News Releases

Media Bulletin - Manitoba

July 15, 2021


Manitoba Health and Seniors Care reports the hot temperatures and dry conditions experienced this summer have created ideal conditions for Culex tarsalis, mosquitoes that carry the West Nile virus (WNV).

However, the drought has dried up many sites where mosquitoes would normally lay their eggs. This has left mosquitoes searching for water to lay their eggs and for their larvae to develop. Some are now finding this scarce resource in unusual locations, such as smaller rivers and creeks.

While normally not suitable, the drought has caused some smaller rivers and creeks to stop flowing thus creating ideal spots for Culex tarsalis to lay their eggs. As a result, larval control will be conducted along these unusual larval development sites, to reduce the numbers of Culex tarsalis adults that emerge and reduce the risk of WNV.

Subject to weather and site conditions, the City of Winnipeg will conduct larval control in the areas of, but not limited to, the Seine River, Omand’s Creek and Sturgeon Creek later this week.

Although the risk for potential human exposure to WNV is low at present, it is likely to increase, particularly as the province proceeds through the historical high-risk period for human exposures in July and August.

At this time, no human cases of West Nile virus have been identified in Manitoba.
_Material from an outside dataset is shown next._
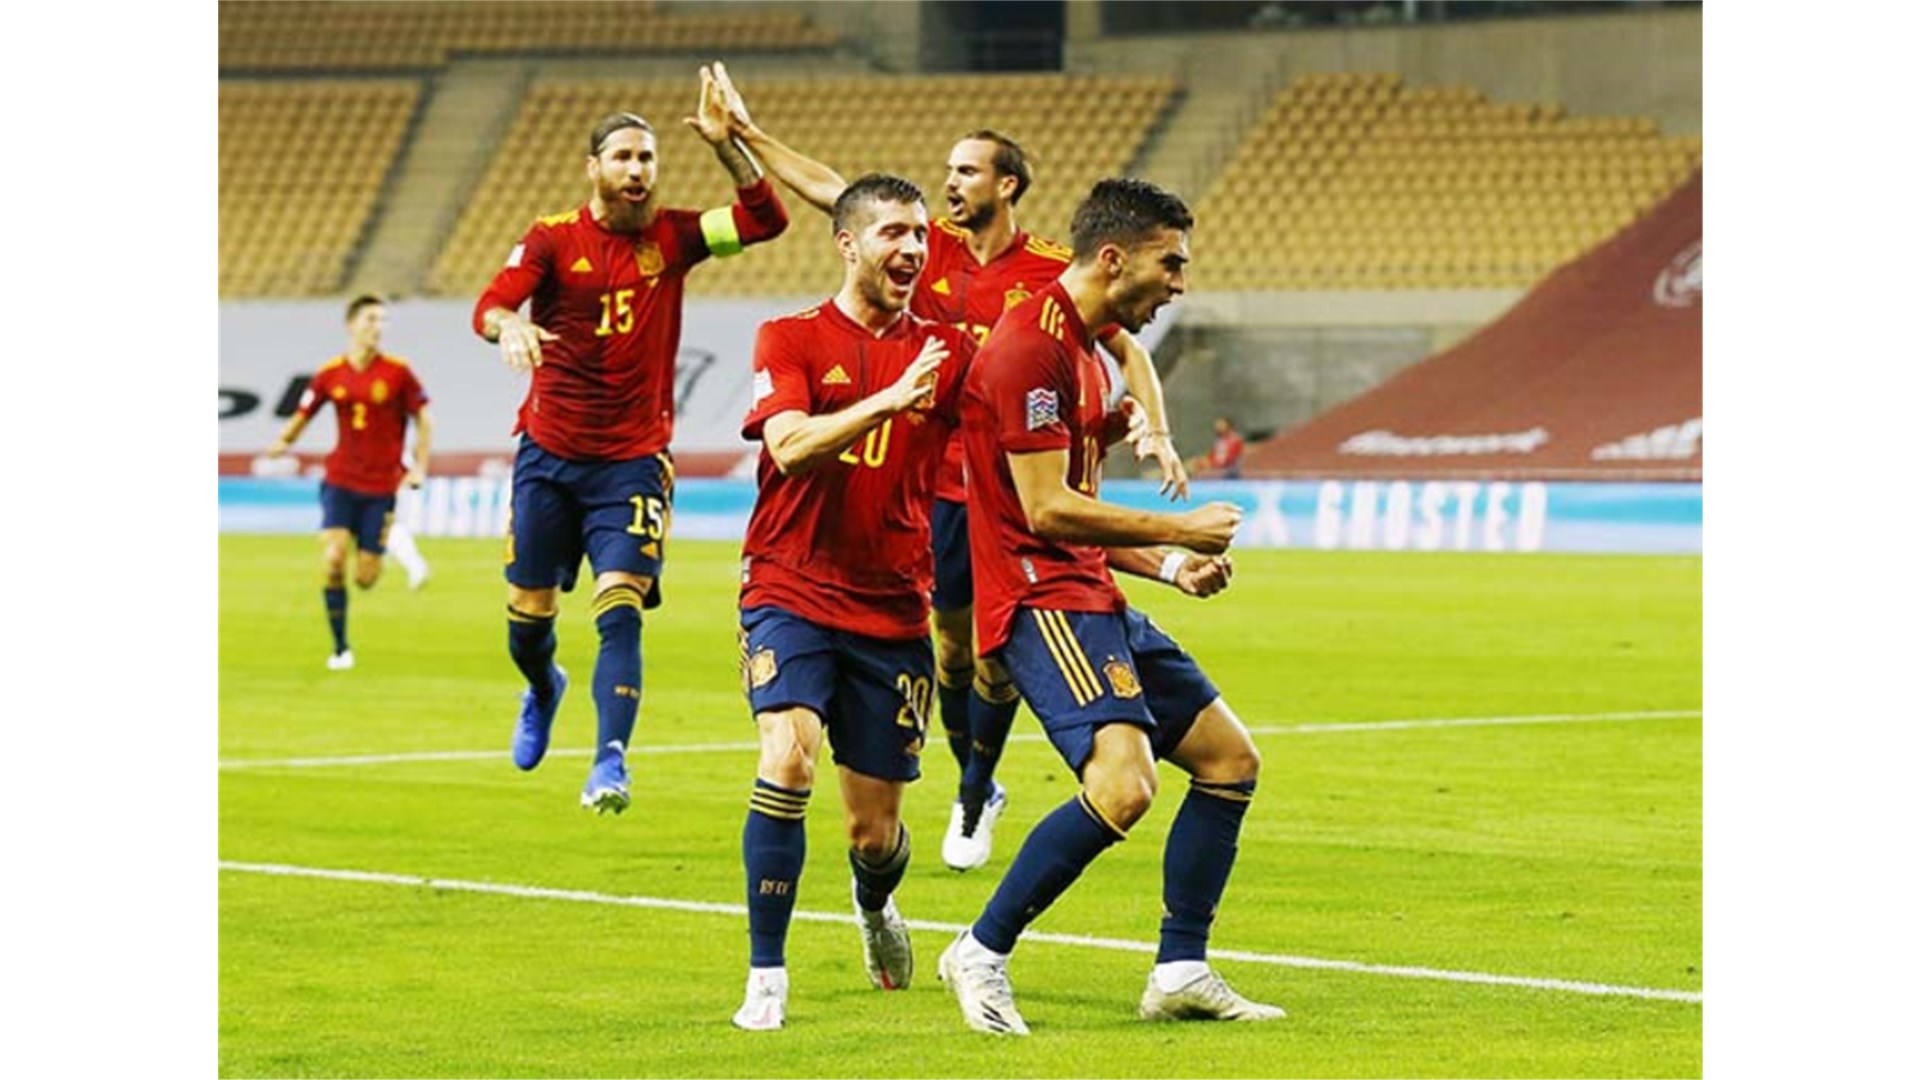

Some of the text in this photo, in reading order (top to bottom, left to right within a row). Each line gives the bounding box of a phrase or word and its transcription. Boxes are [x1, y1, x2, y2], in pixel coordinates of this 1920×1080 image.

[595, 289, 635, 336] 15
[627, 495, 663, 540] 15
[896, 673, 929, 731] 20
While Manitobans are encouraged to enjoy warm weather outdoor activities, it is strongly recommended they reduce their risk of mosquito bites and potential exposure to WNV. Key prevention measures include:
• reducing the amount of time spent outdoors during peak mosquito hours between dusk and dawn;
• using an appropriate mosquito repellent;
• wearing light-colored, loose-fitting clothing with long sleeves and pant legs;
• maintaining door and window screens; and
• cleaning and emptying yard items that collect water.

Protecting yourself against WNV helps protect the health-care system, which continues to see strain due to COVID-19. Between 2012 and 2018, there were 112 cases of WNV in Manitoba. Nearly 40 per cent of these cases were hospitalized and 11 required intensive care.

Information on the risk of West Nile virus will continue to be provided to the public throughout the summer. Manitobans can also check the WNV website regularly for up-to-date data and information.

More information about West Nile virus, including prevention, symptoms, weekly average trap counts of Culex tarsalis mosquitoes, fact sheets, posters and information for municipalities and health-care providers, is available at

Manitobans can also contact Health Links–Info Santé at 204-788-8200 or at 1-888-315-9257 (toll-free) for more information.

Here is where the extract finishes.